Material for the task.
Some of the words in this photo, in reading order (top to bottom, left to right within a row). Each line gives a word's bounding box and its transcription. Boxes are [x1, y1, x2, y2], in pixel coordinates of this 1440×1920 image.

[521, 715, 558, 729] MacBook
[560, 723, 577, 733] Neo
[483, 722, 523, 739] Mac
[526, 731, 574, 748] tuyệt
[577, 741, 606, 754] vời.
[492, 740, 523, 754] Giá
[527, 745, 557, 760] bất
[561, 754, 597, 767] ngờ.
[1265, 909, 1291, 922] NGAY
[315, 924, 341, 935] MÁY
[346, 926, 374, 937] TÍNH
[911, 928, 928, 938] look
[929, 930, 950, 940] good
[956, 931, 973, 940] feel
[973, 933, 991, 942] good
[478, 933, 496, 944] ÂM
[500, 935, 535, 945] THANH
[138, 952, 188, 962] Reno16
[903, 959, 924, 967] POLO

---

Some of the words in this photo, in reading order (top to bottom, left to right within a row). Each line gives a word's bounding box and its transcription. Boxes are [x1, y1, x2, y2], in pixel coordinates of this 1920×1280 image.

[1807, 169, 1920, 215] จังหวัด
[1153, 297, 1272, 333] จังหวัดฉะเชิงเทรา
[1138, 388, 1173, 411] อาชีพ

...

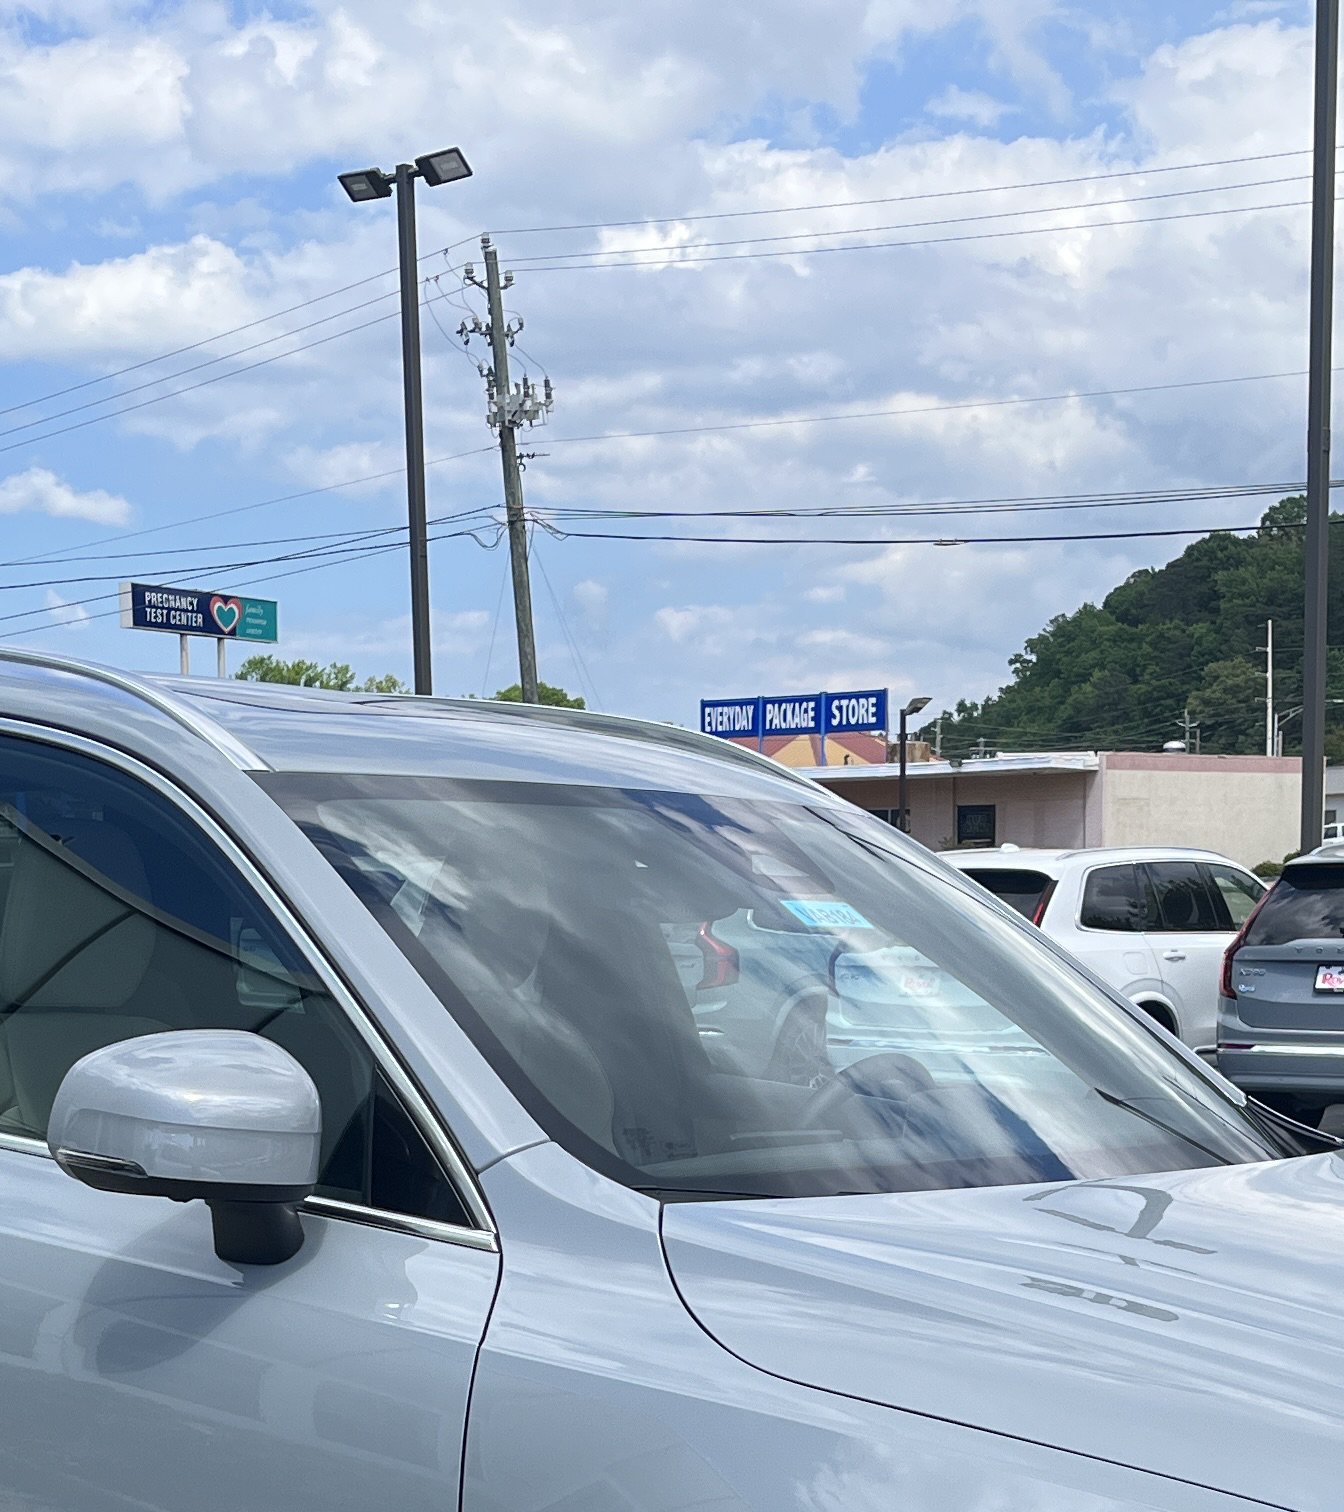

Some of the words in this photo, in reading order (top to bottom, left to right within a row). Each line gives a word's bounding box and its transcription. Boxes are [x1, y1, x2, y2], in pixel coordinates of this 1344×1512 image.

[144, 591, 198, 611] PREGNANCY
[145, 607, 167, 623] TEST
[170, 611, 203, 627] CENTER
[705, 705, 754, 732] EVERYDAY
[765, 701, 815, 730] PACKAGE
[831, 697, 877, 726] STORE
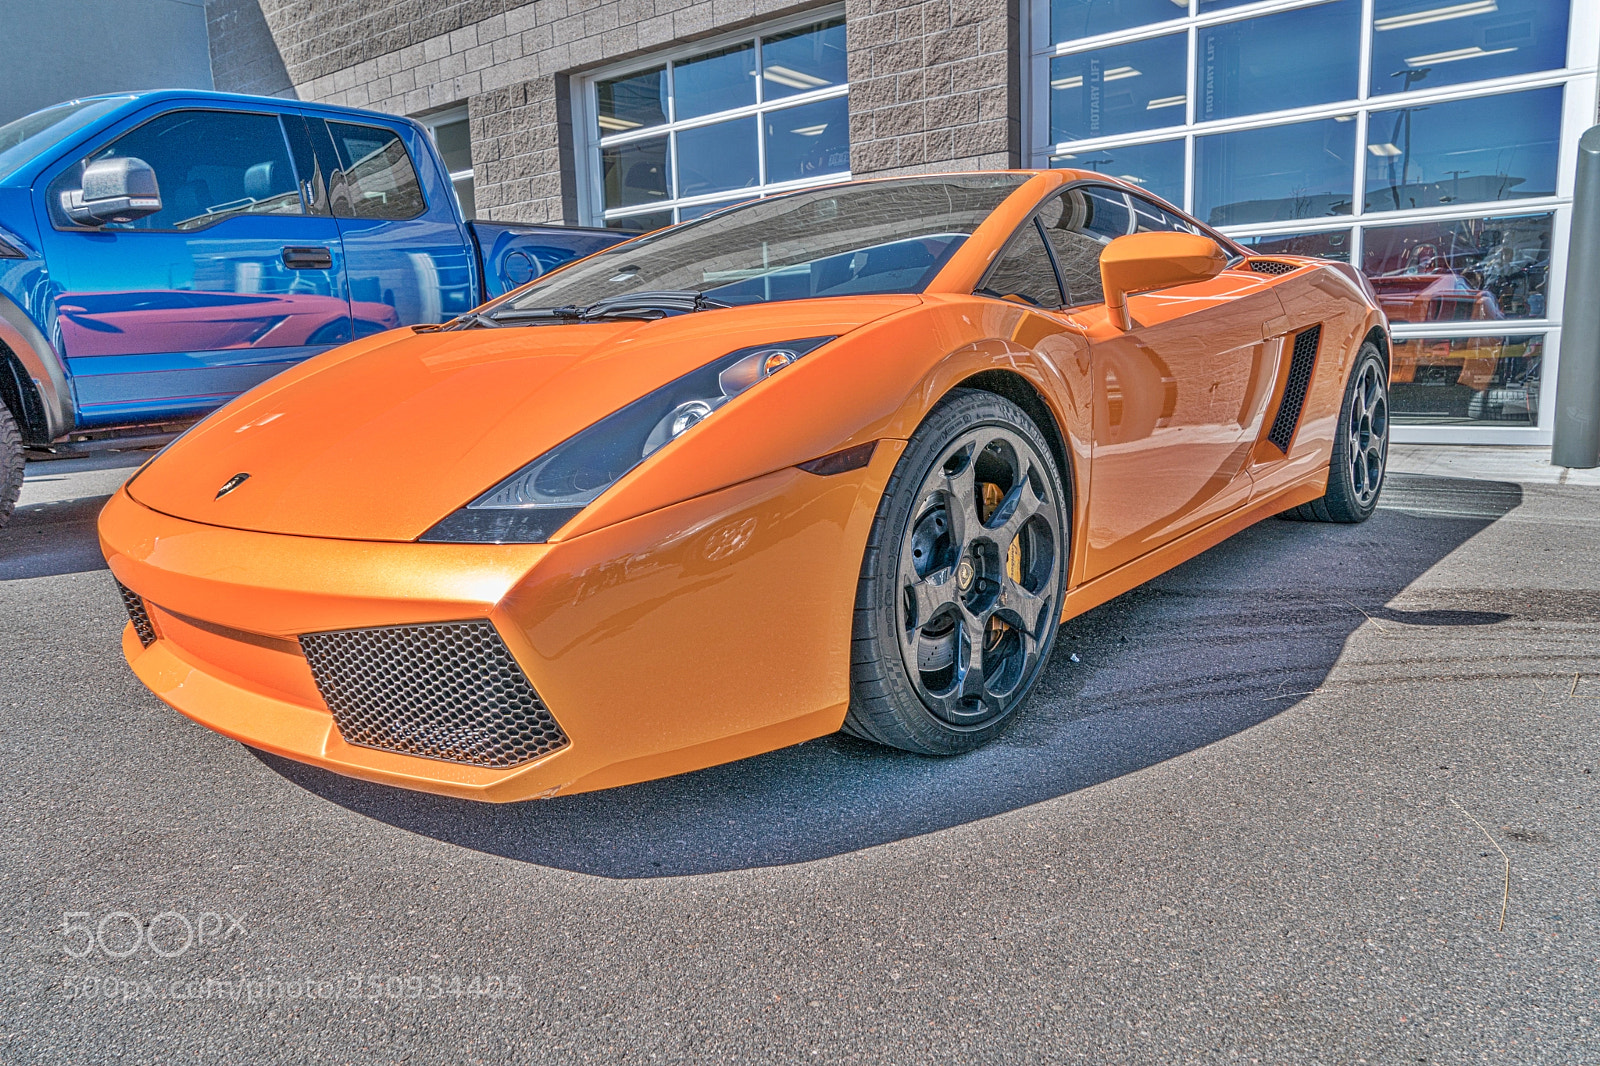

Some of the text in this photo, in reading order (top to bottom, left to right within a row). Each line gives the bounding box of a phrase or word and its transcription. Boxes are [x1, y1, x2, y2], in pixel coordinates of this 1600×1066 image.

What you have to do.
Reproduce, word for word, everything in the listing above from the line containing "this 1344×1512 image." down to the line containing "Some of the text", both of them included. No pictures.

Exercise solution.
Some of the words in this photo, in reading order (top to bottom, left to right within a row). Each line gives a word's bounding box and its transcription. Boxes are [x1, y1, x2, y2], in pixel coordinates of this 1344×1512 image.

[144, 591, 198, 611] PREGNANCY
[145, 607, 167, 623] TEST
[170, 611, 203, 627] CENTER
[705, 705, 754, 732] EVERYDAY
[765, 701, 815, 730] PACKAGE
[831, 697, 877, 726] STORE

Some of the text in this photo, in reading order (top to bottom, left to right within a row). Each line gives the bounding box of a phrase or word and its transcription. Boxes are [x1, y1, x2, y2], in pixel coordinates of this 1600×1066 image.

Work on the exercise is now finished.